─── Information supplied ───

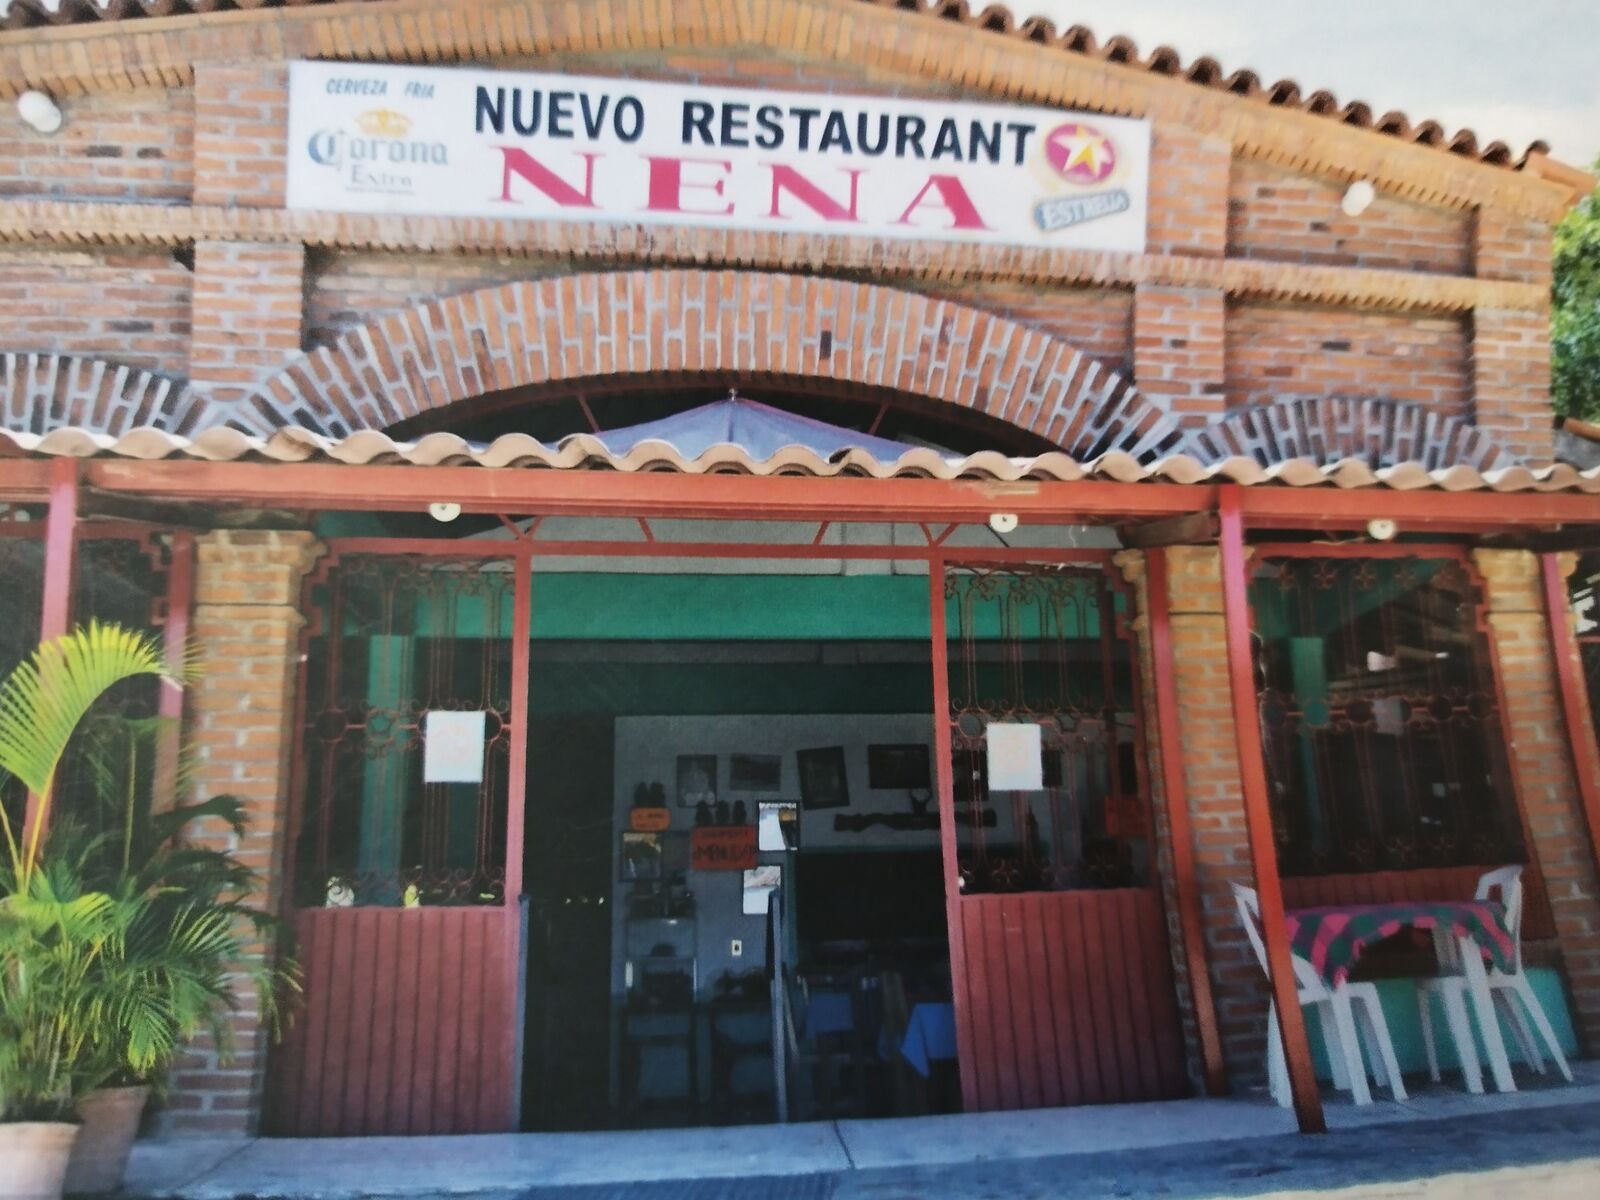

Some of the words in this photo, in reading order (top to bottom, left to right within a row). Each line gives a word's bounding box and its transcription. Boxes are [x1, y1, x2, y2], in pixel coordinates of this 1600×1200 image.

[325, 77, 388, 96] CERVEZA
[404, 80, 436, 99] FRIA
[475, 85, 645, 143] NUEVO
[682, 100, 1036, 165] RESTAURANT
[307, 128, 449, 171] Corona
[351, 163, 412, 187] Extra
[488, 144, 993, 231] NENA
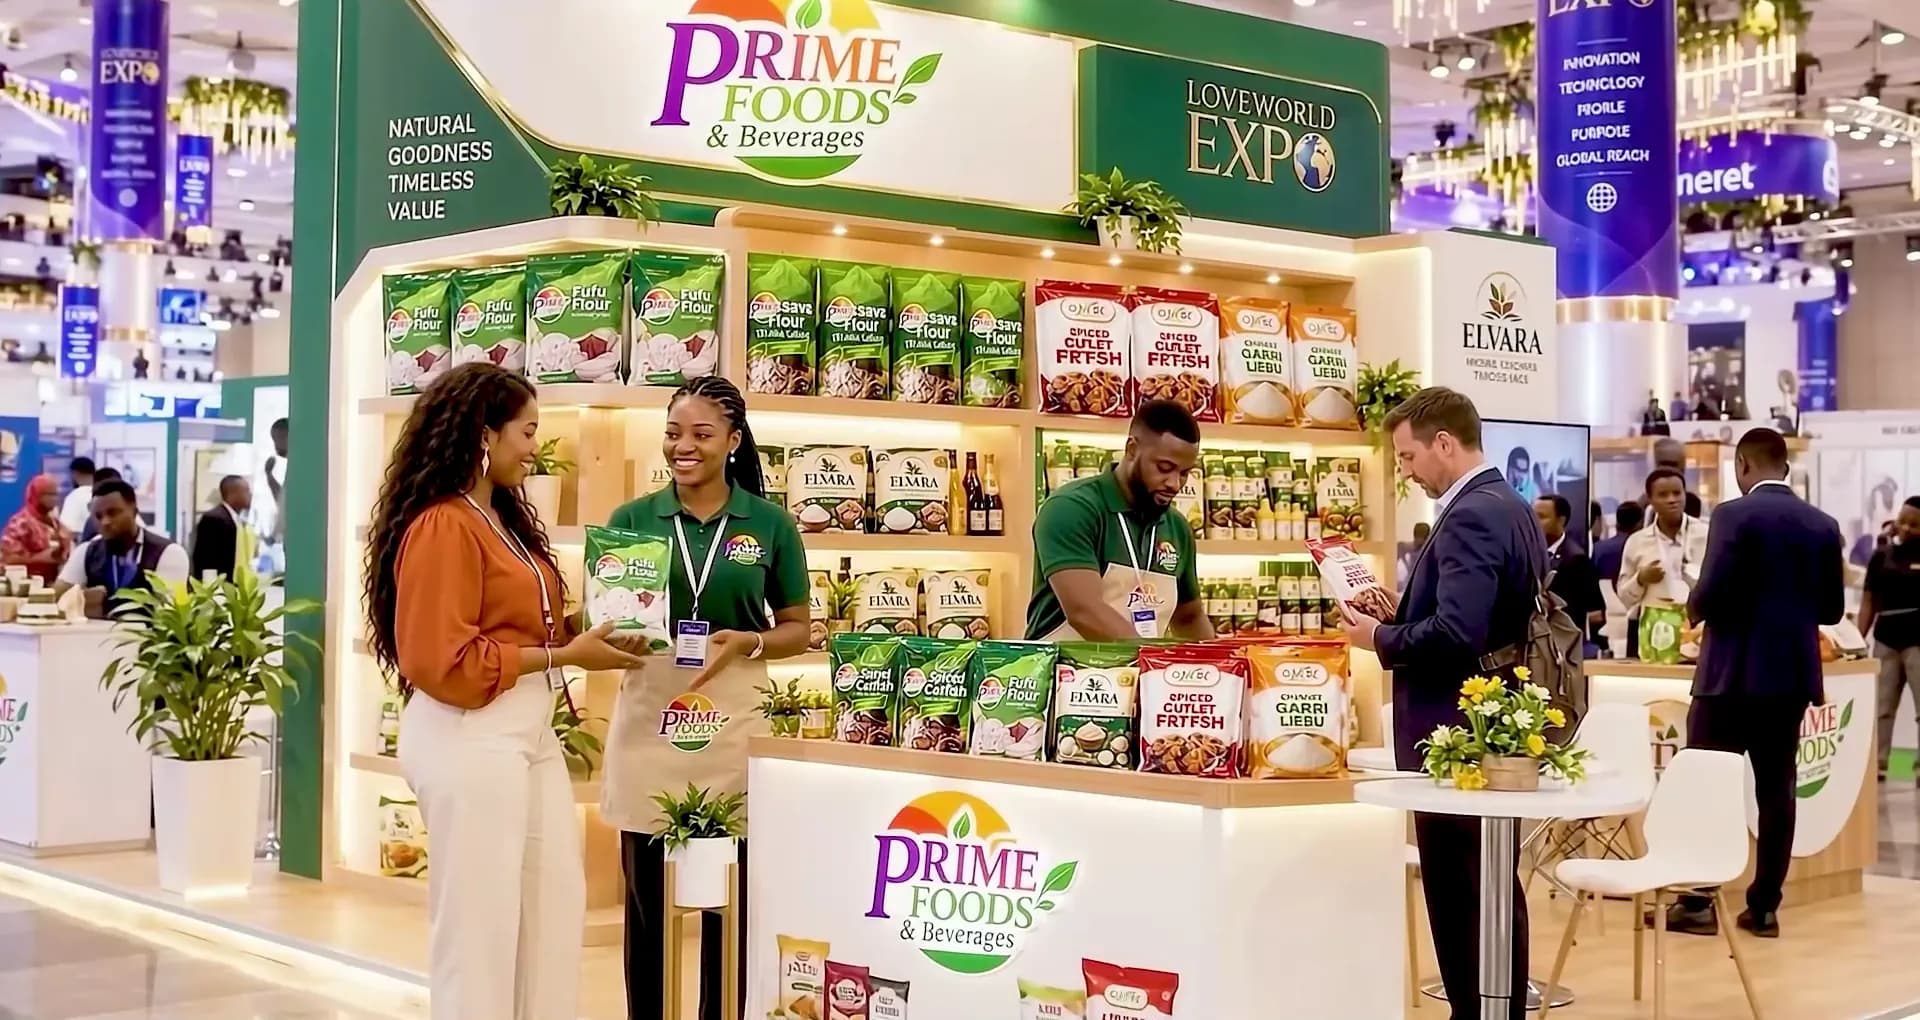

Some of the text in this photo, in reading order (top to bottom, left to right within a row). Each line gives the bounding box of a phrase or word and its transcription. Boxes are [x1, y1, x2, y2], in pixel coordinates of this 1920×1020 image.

───

:: Prompt ::
From the first line to the last, return the records exactly and leave the pictures behind.

:: Written answer ::
Some of the words in this photo, in reading order (top to bottom, left to right within a row). Each line gives a word's bounding box and its transcription. Boxes are [x1, y1, x2, y2], in pixel coordinates of this 1600×1200 image.

[325, 77, 388, 96] CERVEZA
[404, 80, 436, 99] FRIA
[475, 85, 645, 143] NUEVO
[682, 100, 1036, 165] RESTAURANT
[307, 128, 449, 171] Corona
[351, 163, 412, 187] Extra
[488, 144, 993, 231] NENA

Some of the text in this photo, in reading order (top to bottom, left to right within a row). Each line gives the bounding box of a phrase or word and its transcription. Boxes are [x1, y1, x2, y2], in pixel coordinates of this 1920×1020 image.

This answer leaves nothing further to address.